I’ve had a few hard conversations this week and witnessed some other folk’s difficult situations.

Parenting, eldercare, working with people, relationships of all kinds give us opportunities to learn.

Opportunities to be present.

To see and be seen.

To accept.

To love.

Sometimes in my exuberance and enthusiasm for the possibilities about what can be learned and changed, I don’t realize that what someone might be hearing or feeling is: 

I’m not doing enough. This isn’t good enough

I’m not enough

Ouch!

The absolute opposite of what I want someone to feel.

What I want to feel.

I want to love unconditionally, and that’s what I want to feel, too.

Not breathless from trying to keep up with or never meeting someone else’s expectations.

But secure in feeling seen and loved and accepted.

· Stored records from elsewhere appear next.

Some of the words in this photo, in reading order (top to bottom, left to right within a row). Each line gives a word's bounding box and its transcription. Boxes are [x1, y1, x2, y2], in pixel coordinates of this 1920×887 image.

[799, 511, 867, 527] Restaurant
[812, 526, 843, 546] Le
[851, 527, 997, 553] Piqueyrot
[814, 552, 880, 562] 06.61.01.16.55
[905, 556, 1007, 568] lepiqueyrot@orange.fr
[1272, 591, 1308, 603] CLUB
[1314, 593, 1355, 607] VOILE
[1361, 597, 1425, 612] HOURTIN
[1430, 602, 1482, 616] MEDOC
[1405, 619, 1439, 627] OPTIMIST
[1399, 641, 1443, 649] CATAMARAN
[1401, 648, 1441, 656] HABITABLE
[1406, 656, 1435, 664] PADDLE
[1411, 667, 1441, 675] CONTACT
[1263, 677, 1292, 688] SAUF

When you start with a foundation of love and acceptance you don’t need to chase after outside validation or someone else’s definition of success.

Success is liking yourself, liking what you do, and liking how you do it.  – Maya Angelou

Loving and accepting yourself fuels your ability to love and accept others as well as your ability to create opportunities and to embrace challenges.

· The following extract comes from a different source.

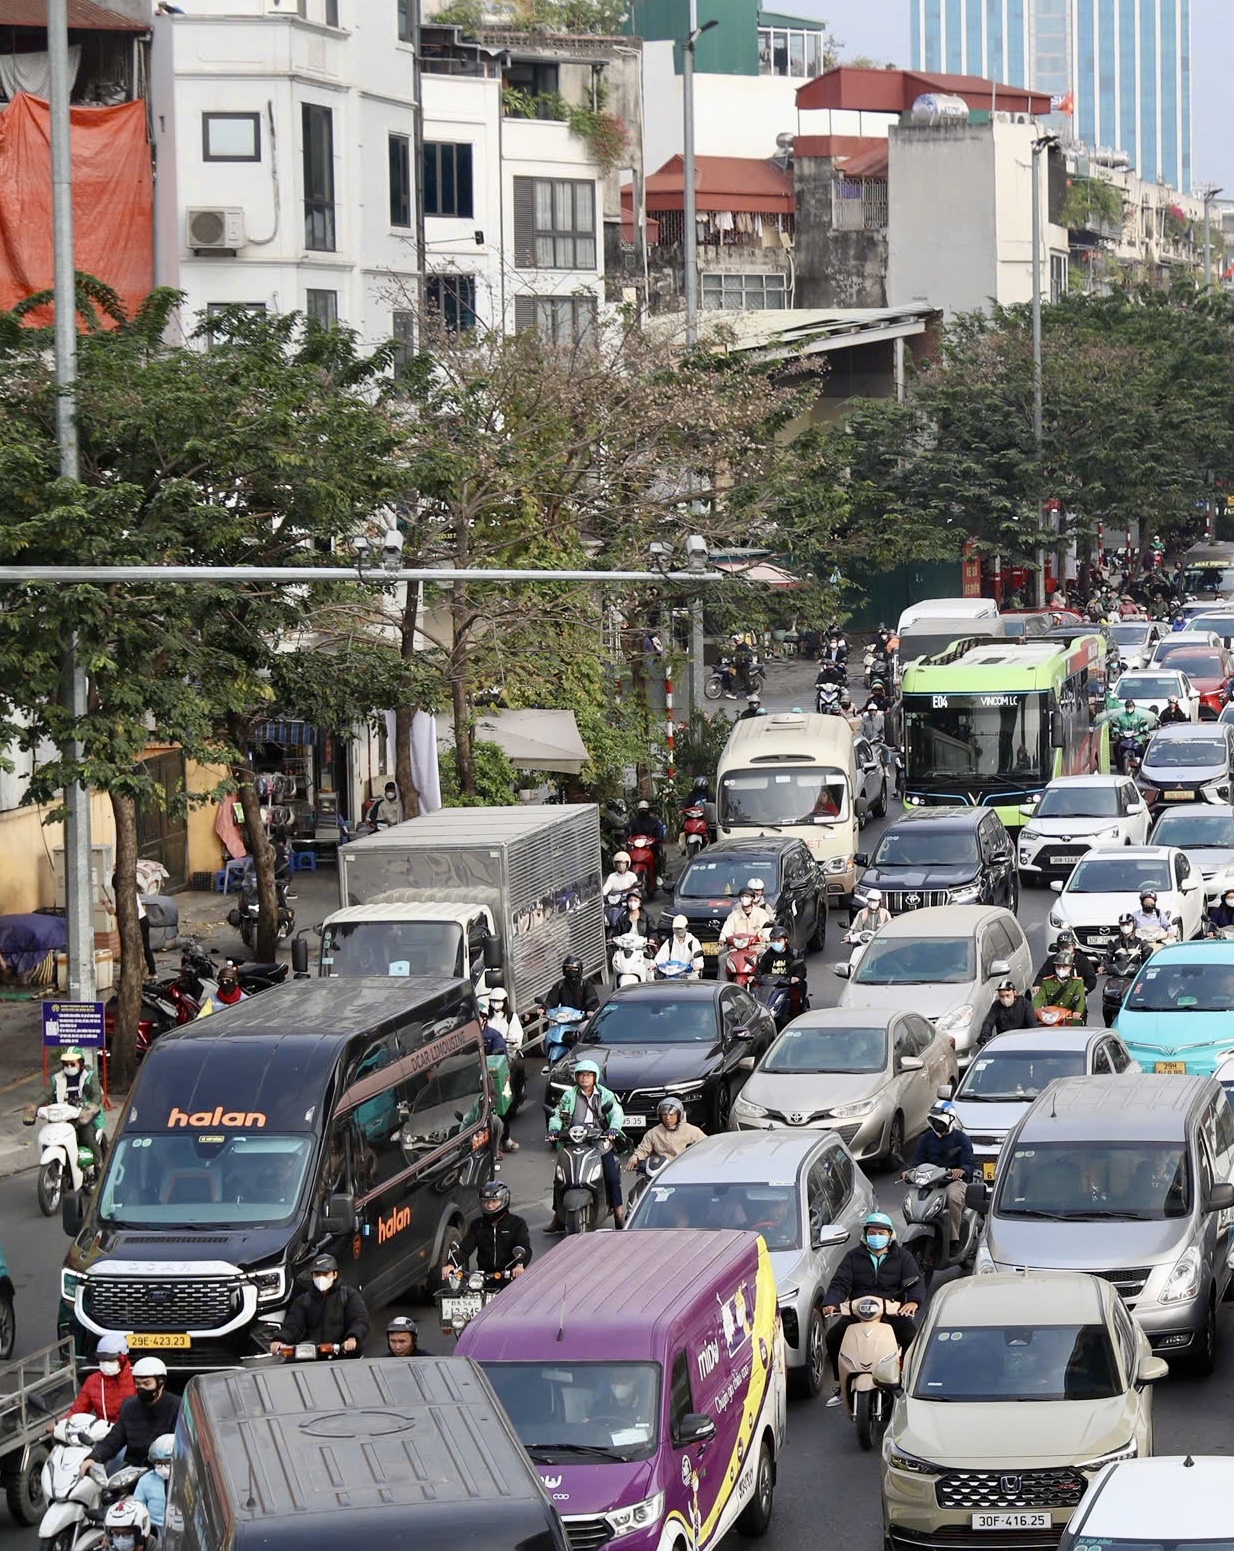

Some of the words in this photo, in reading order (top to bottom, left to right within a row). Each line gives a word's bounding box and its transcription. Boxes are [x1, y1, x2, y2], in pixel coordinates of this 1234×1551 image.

It gives you confidence to learn to use your gifts, whatever they may be, to help you find joy in your journey.

So how can you help build this foundation?

How can you help feel and spread unconditional love?

As I was pondering and journaling, I overheard a nearby conversation.

One woman was talking about her worries about her child not reaching her potential. Another woman talked about acceptance. And a third woman shared how she reminds herself to be present and very intentionally send a beam of love and acceptance to her child, especially when the child appears to be struggling.

She said whenever she looks at her child, she silently repeats this mantra:

I see you.

I love you.

You are enough just as you are.

It immediately brought tears to my eyes.

So simple and so powerful.

What a different feeling than looking at someone and thinking:

You could be…

You should be…

I want you to …

Acceptance instead of judgement.

I think how much better so many situations in my life would have been, would be if I was intentional about starting from:

I see you

I love you

You are enough just as you are.

Yep, I’m always learning.

So, this week I’m going to practice this mantra whenever I look at someone, no matter what their age.

Or even when I think about someone I’m communicating with.

Or even when I look in the mirror.

I’ll let you know how it goes.

Want to join my experiment?

XO Lisa

1 thought on “One Strategy for Practicing Unconditional Love”

  1. Omg, I love this! I need to practice this with my loved ones and with myself. You learn this as you go, but I don’t want to learn this too late in life after I’ve made my kids feel like they are not good enough. Thanks for writing this – i will join you in your experiment.